‘It started here’: Student employee finds purpose in donor-funded digitization project

Paging through 100-year-old articles of photogenic baby contests and agricultural weather reports, Rebekah Rahman felt she was serving something bigger than herself. 

“There’s a lot of pride I feel when I finish an article because someone will use this. Someone will need this,” she said. 

Since 2022, third-year Rahman has digitized newspaper clippings for the Kimble Digitization Center, a project funded by donors Wallace and Marilyn Kimble to preserve Washington state and Palouse history. 

Her particular box of state history spans 45 sections, some with more than 100 articles, and she has only 10 sections left to go. 

Rahman scans the articles and crops them in Adobe Photoshop before transcribing them and tagging specific people and places in the images, which may help community members researching topics like genealogy or climate. She likes the idea that she is bridging the gap between historical documents and the public, making these “untapped resources” accessible. 

“While I’m just seeing this long list of farmers from somewhere in the middle of Timbuktu, that’s probably someone’s grandfather who they’ve maybe never met,” she said. “To that person, it would mean the world just to see their name in print somewhere.”
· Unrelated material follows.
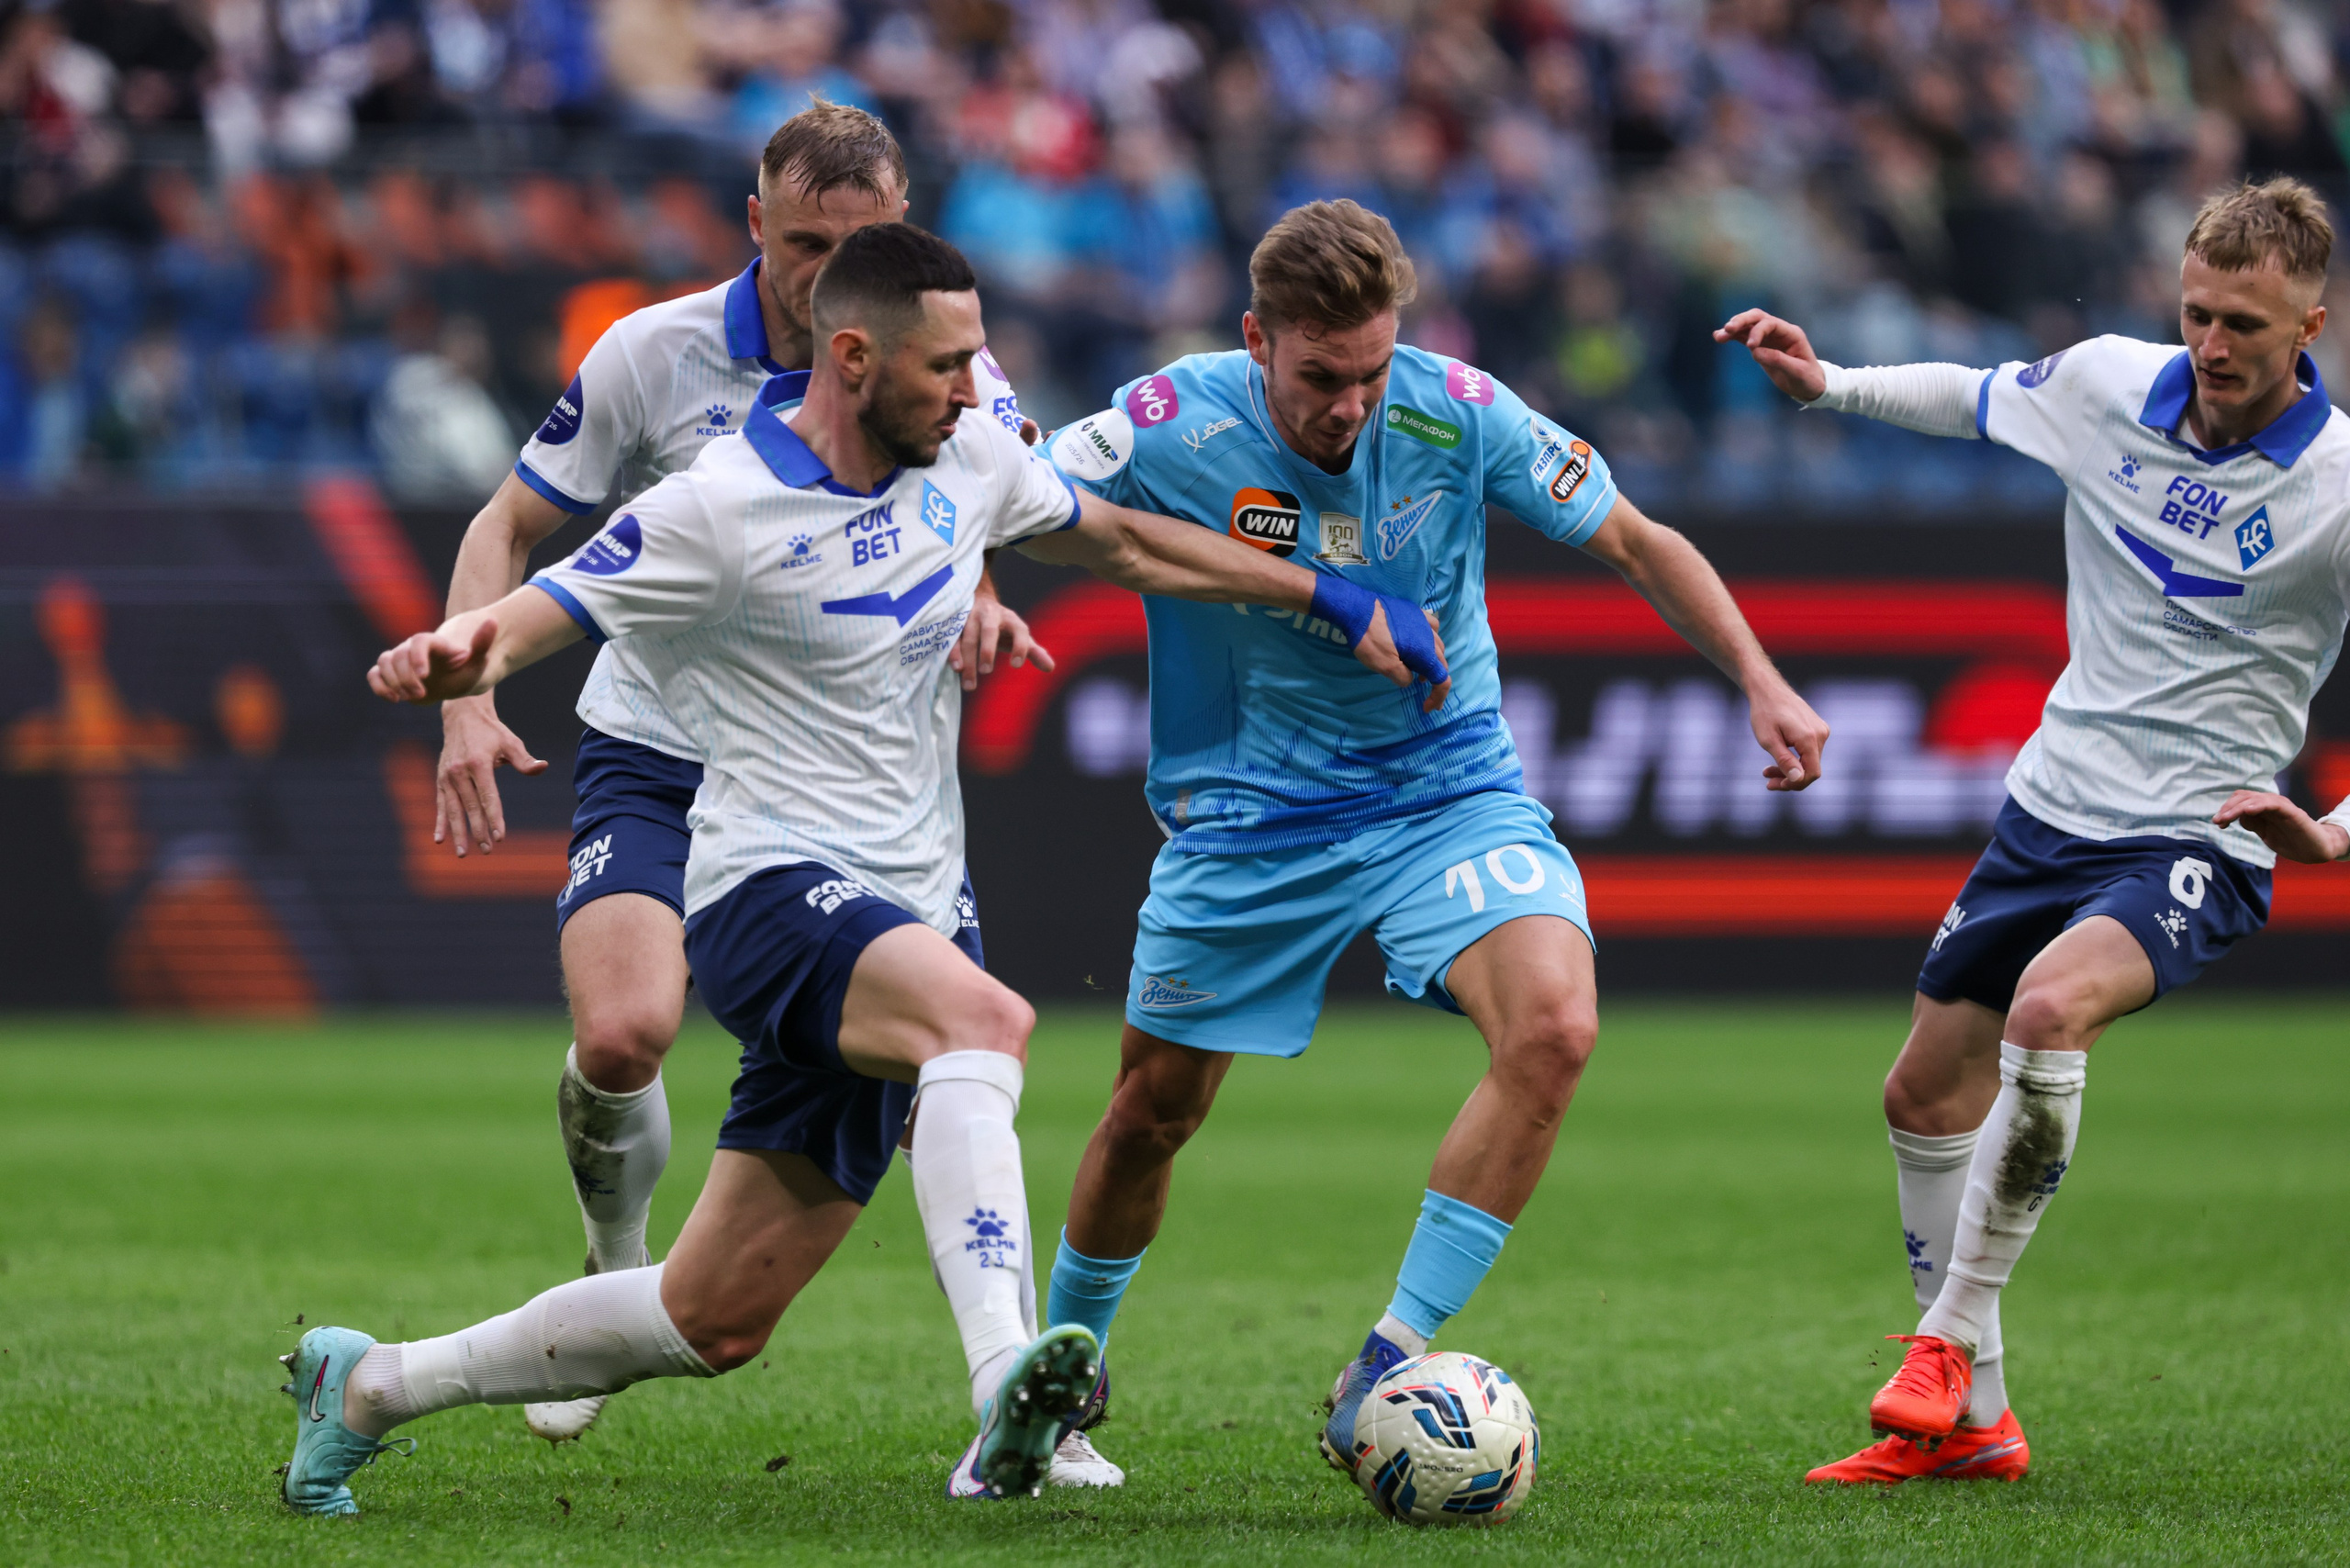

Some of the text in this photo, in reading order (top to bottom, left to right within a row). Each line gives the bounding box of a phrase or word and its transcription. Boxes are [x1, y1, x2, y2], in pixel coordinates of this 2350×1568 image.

Joleen Warner, Rahman’s manager, said students bring a unique perspective and background to the collection they digitize, shaping specific word usage and transcription in a way that reflects their voice. 

Warner said she admires Rahman’s organization in balancing her course load and two part-time jobs. When Warner steps into Manuscripts, Archives, and Special Collections (MASC), she knows Rahman is completing her work without question. 

“She’s kind of like Superwoman,” Warner said. 

Rahman studied public relations with a minor in business administration, but she always saw herself in a library position in school. After sending her resume to nearly all the libraries’ supervisors, she heard from the Kimble Center. 

“At the time, I had no idea what Kimble was. It felt like, “What’s this secret project?’”

Now, Rahman said she feels it is a privilege to do her work. Not only is she working toward preserving history, but she also enjoys grabbing free coffee on Fridays and chatting with her MASC “work besties” or visiting the Kimble Center to decompress in the safe space when she is not on the clock. 

“It’s like a second home,” she said. 

The rigors of radio

Each morning, Rahman wakes up at 3:50 a.m., stumbling outside in the dark toward Murrow Hall.

She produces Northwest Public Broadcasting’s “Morning Edition,” editing pre-recorded content and stories into newscasts broadcasted by radio at the top of every hour until 8 a.m.

By 7 a.m., the coffeepot is on. 

“Someone needs to start that early,” she said with a laugh. “Maybe that should be me.”

Rahman said she loves hearing news before everyone else, whether it’s environmental stories or federal legislation. NWPB serves the eastern Washington region, especially rural farmers or older generations dedicated to waking up at 5 a.m. and listening to the news. 

Rahman began working as a student producer in fall 2023, and her first newscast was “scary.” She had been training with the host of another show, and her own host was late for the first time because his car broke down. Rahman sat in her booth, thinking, “Oh my God, what do I do?” for 30 minutes before her host arrived and helped finish the newscast.

Throughout her experience at NWPB and her coursework as a public relations major, Rahman discovered she wanted to become a publicist and represent people who can’t market themselves. 

Finding her way back home

Rahman moved to Issaquah, Washington, her sophomore year of high school from South Carolina. She said she disliked the toxic academic competitiveness and lack of school spirit in this place that was far from her small, Southern town.

When a close friend mentioned WSU, Rahman soon found herself at the online New Coug Orientation, where the Coug spirit was palpable. 

“I could feel it,” she said. “I could feel what it meant to be a Coug.”

Rahman said there is something special about standing in football stadiums surrounded by Cougs, knowing when to clap only when everyone else does. 

Yet she struggled to find a community on campus. 

Once she joined the WSU Libraries’ staff, that changed. 

Her work gave her one more thing to look forward to and encouraged her to build communities in spaces like English Club, Her Campus, and the MASC family. This is her biggest accomplishment to date. 

“It started here,” she said. “It really did.”